Build and Development Commands

Prerequisites

Python 3.10 or higher
pip or uv package manager
Git (for GitHub scraping features)

Setup (REQUIRED before any development)

# Install in editable mode (REQUIRED for tests due to src/ layout)
pip install -e .

# Install with all platform dependencies
pip install -e ".[all-llms]"

# Install with all optional dependencies
pip install -e ".[all]"

# Install specific platforms only
pip install -e ".[gemini]"    # Google Gemini support
pip install -e ".[openai]"    # OpenAI ChatGPT support
pip install -e ".[mcp]"       # MCP server dependencies
pip install -e ".[s3]"        # AWS S3 support
pip install -e ".[gcs]"       # Google Cloud Storage
pip install -e ".[azure]"     # Azure Blob Storage
pip install -e ".[embedding]" # Embedding server support
pip install -e ".[rag-upload]" # Vector DB upload support

# Install dev dependencies (using dependency-groups)
pip install -e ".[dev]"

CRITICAL: The project uses a src/ layout. Tests WILL FAIL unless you install with pip install -e . first.

Building

# Build package using uv (recommended)
uv build

# Or using standard build
python -m build

# Publish to PyPI
uv publish

Docker

# Build Docker image
docker build -t skill-seekers .

# Run with docker-compose (includes vector databases)
docker-compose up -d

# Run MCP server only
docker-compose up -d mcp-server

# View logs
docker-compose logs -f mcp-server

Testing Instructions

Running Tests

CRITICAL: Never skip tests - all tests must pass before commits.

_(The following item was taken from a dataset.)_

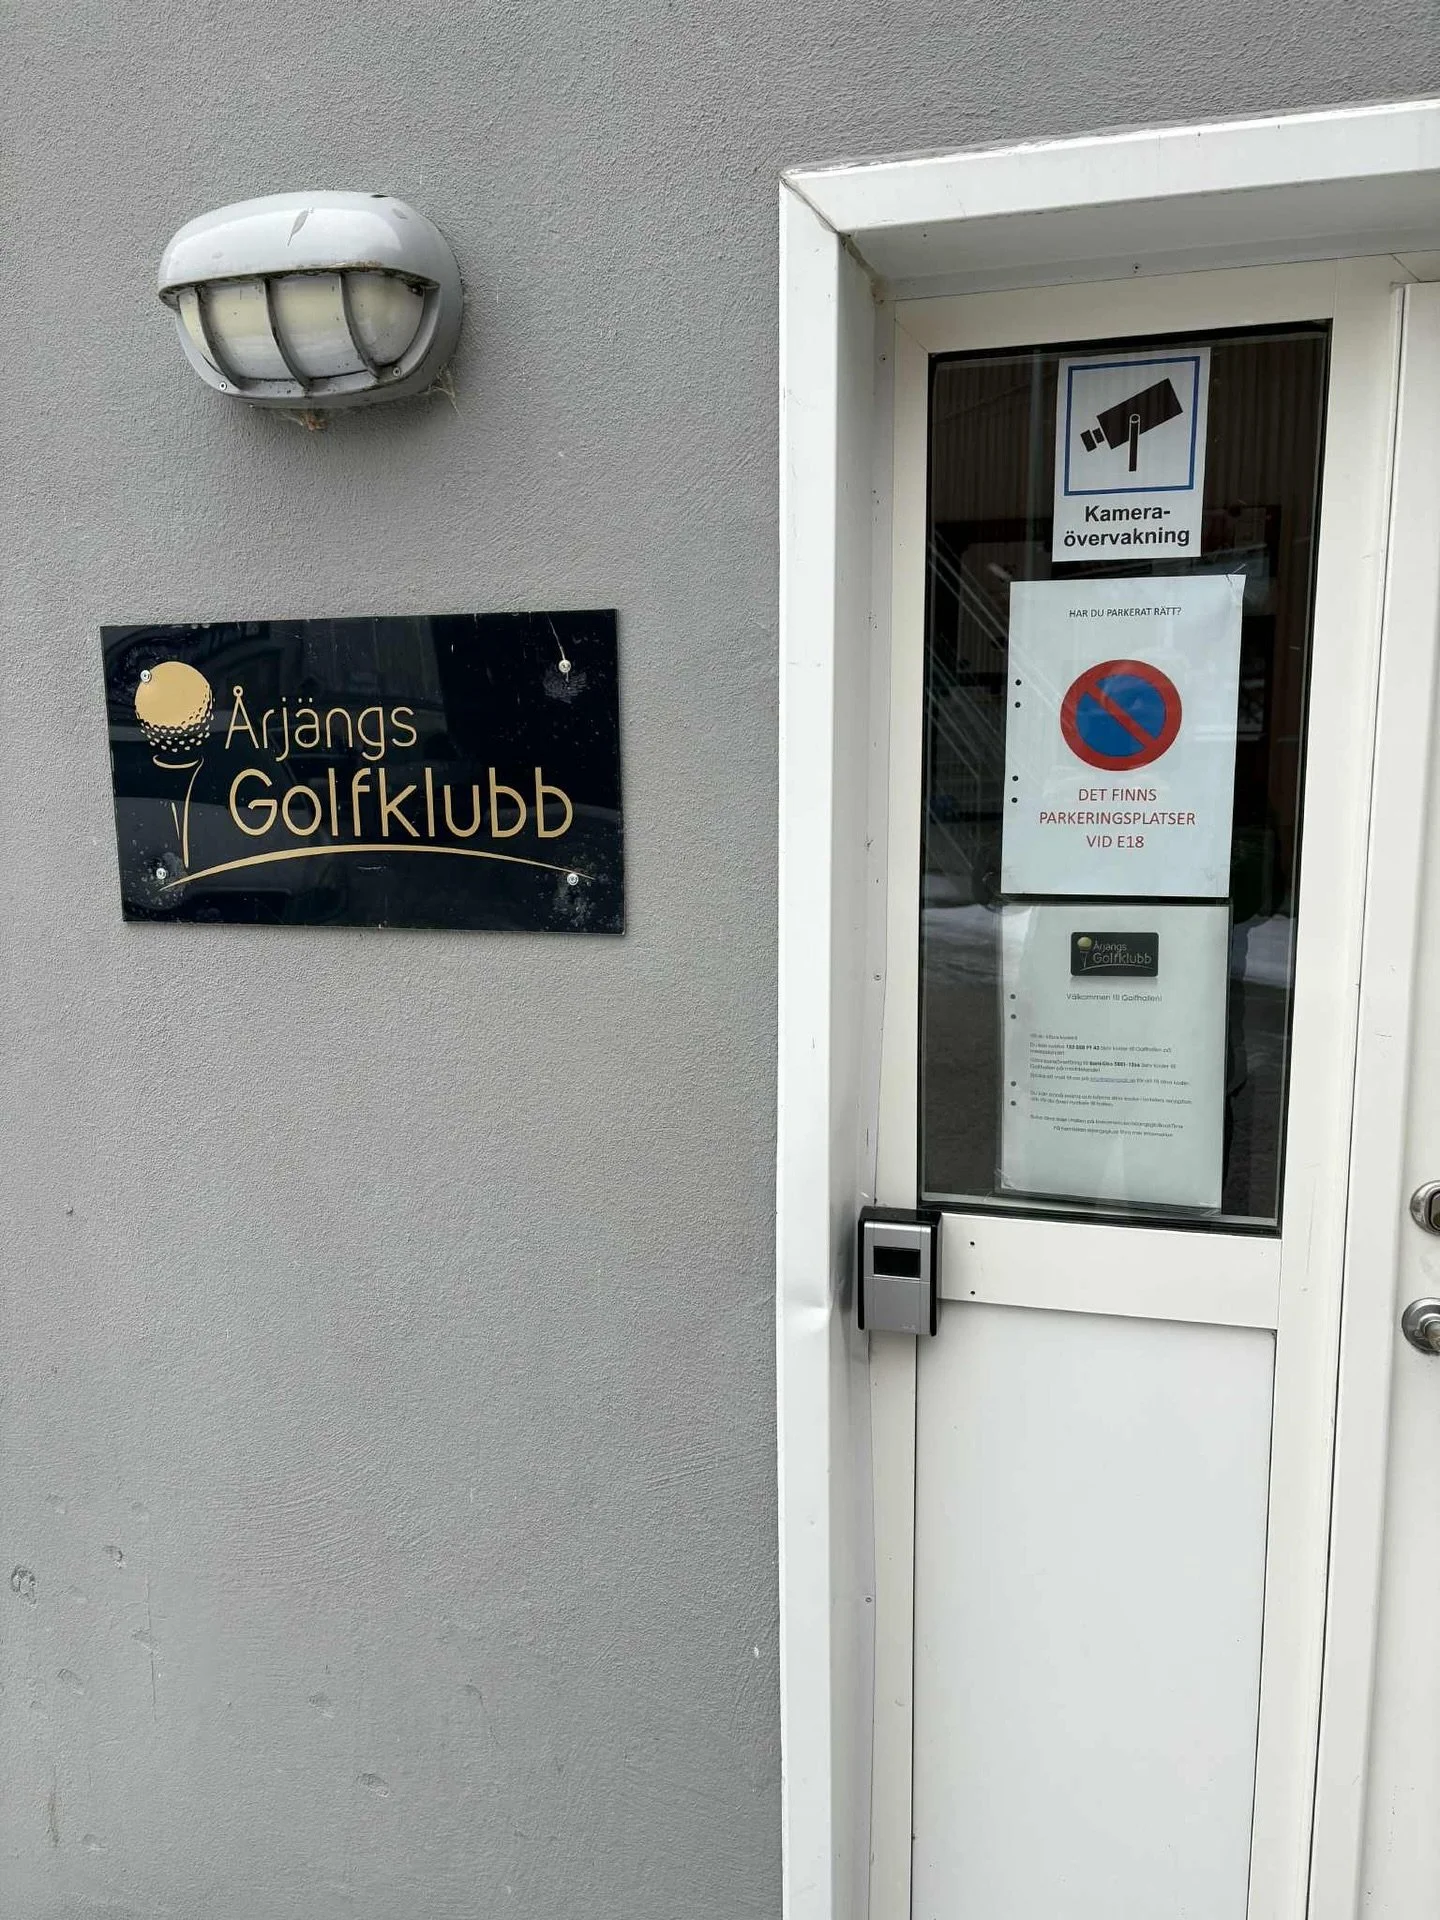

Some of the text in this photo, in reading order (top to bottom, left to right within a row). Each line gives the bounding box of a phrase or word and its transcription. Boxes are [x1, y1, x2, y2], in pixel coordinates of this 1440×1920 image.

# All tests (must run pip install -e . first!)
pytest tests/ -v

# Specific test file
pytest tests/test_scraper_features.py -v
pytest tests/test_mcp_fastmcp.py -v
pytest tests/test_cloud_storage.py -v

# With coverage
pytest tests/ --cov=src/skill_seekers --cov-report=term --cov-report=html

# Single test
pytest tests/test_scraper_features.py::test_detect_language -v

# E2E tests
pytest tests/test_e2e_three_stream_pipeline.py -v

# Skip slow tests
pytest tests/ -v -m "not slow"

# Run only integration tests
pytest tests/ -v -m integration

# Run only specific marker
pytest tests/ -v -m "not slow and not integration"

Test Architecture

98 test files covering all features
1880+ tests passing
CI Matrix: Ubuntu + macOS, Python 3.10-3.12
Test markers defined in pyproject.toml:

Marker	Description
`slow`	Tests taking >5 seconds
`integration`	Requires external services (APIs)
`e2e`	End-to-end tests (resource-intensive)
`venv`	Requires virtual environment setup
`bootstrap`	Bootstrap skill specific
`benchmark`	Performance benchmark tests

Test Configuration

From pyproject.toml:

[tool.pytest.ini_options]
testpaths = ["tests"]
python_files = ["test_*.py"]
addopts = "-v --tb=short --strict-markers"
asyncio_mode = "auto"
asyncio_default_fixture_loop_scope = "function"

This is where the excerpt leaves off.